* _RECORDS_
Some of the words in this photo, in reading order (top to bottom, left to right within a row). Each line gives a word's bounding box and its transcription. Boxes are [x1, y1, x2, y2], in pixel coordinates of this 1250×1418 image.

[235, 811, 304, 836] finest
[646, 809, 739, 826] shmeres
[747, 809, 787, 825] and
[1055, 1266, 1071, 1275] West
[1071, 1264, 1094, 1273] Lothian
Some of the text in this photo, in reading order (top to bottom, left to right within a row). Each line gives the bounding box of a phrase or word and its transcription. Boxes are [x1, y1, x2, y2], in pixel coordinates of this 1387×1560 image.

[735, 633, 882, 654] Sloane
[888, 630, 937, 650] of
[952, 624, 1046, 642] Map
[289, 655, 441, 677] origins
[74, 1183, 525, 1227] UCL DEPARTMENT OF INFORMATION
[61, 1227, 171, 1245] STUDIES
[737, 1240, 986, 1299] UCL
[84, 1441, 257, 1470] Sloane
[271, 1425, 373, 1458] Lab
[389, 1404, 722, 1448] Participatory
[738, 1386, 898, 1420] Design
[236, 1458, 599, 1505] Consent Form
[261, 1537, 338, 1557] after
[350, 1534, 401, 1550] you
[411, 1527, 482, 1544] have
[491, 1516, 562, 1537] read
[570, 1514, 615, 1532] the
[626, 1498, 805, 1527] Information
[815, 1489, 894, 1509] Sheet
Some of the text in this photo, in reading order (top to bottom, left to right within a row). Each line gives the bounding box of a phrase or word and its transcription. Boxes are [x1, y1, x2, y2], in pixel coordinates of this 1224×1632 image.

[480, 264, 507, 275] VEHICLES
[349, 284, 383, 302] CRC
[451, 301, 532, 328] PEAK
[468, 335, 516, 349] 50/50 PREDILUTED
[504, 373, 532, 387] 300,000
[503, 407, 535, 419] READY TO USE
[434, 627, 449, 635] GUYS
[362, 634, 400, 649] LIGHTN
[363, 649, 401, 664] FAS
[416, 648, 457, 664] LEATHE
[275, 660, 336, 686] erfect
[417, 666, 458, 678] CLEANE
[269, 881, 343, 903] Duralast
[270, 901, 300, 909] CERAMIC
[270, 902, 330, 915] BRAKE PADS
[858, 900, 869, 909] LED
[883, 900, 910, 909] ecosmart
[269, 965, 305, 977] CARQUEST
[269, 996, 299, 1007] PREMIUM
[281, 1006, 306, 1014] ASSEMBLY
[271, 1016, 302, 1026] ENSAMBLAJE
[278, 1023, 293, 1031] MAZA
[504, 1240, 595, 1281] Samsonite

* _THE PROBLEM_
Every entry above has to be returned exactly as written.

* _OUTPUT OF THE EXERCISE_
Some of the words in this photo, in reading order (top to bottom, left to right within a row). Each line gives a word's bounding box and its transcription. Boxes are [x1, y1, x2, y2], in pixel coordinates of this 1250×1418 image.

[235, 811, 304, 836] finest
[646, 809, 739, 826] shmeres
[747, 809, 787, 825] and
[1055, 1266, 1071, 1275] West
[1071, 1264, 1094, 1273] Lothian
Some of the text in this photo, in reading order (top to bottom, left to right within a row). Each line gives the bounding box of a phrase or word and its transcription. Boxes are [x1, y1, x2, y2], in pixel coordinates of this 1387×1560 image.

[735, 633, 882, 654] Sloane
[888, 630, 937, 650] of
[952, 624, 1046, 642] Map
[289, 655, 441, 677] origins
[74, 1183, 525, 1227] UCL DEPARTMENT OF INFORMATION
[61, 1227, 171, 1245] STUDIES
[737, 1240, 986, 1299] UCL
[84, 1441, 257, 1470] Sloane
[271, 1425, 373, 1458] Lab
[389, 1404, 722, 1448] Participatory
[738, 1386, 898, 1420] Design
[236, 1458, 599, 1505] Consent Form
[261, 1537, 338, 1557] after
[350, 1534, 401, 1550] you
[411, 1527, 482, 1544] have
[491, 1516, 562, 1537] read
[570, 1514, 615, 1532] the
[626, 1498, 805, 1527] Information
[815, 1489, 894, 1509] Sheet
Some of the text in this photo, in reading order (top to bottom, left to right within a row). Each line gives the bounding box of a phrase or word and its transcription. Boxes are [x1, y1, x2, y2], in pixel coordinates of this 1224×1632 image.

[480, 264, 507, 275] VEHICLES
[349, 284, 383, 302] CRC
[451, 301, 532, 328] PEAK
[468, 335, 516, 349] 50/50 PREDILUTED
[504, 373, 532, 387] 300,000
[503, 407, 535, 419] READY TO USE
[434, 627, 449, 635] GUYS
[362, 634, 400, 649] LIGHTN
[363, 649, 401, 664] FAS
[416, 648, 457, 664] LEATHE
[275, 660, 336, 686] erfect
[417, 666, 458, 678] CLEANE
[269, 881, 343, 903] Duralast
[270, 901, 300, 909] CERAMIC
[270, 902, 330, 915] BRAKE PADS
[858, 900, 869, 909] LED
[883, 900, 910, 909] ecosmart
[269, 965, 305, 977] CARQUEST
[269, 996, 299, 1007] PREMIUM
[281, 1006, 306, 1014] ASSEMBLY
[271, 1016, 302, 1026] ENSAMBLAJE
[278, 1023, 293, 1031] MAZA
[504, 1240, 595, 1281] Samsonite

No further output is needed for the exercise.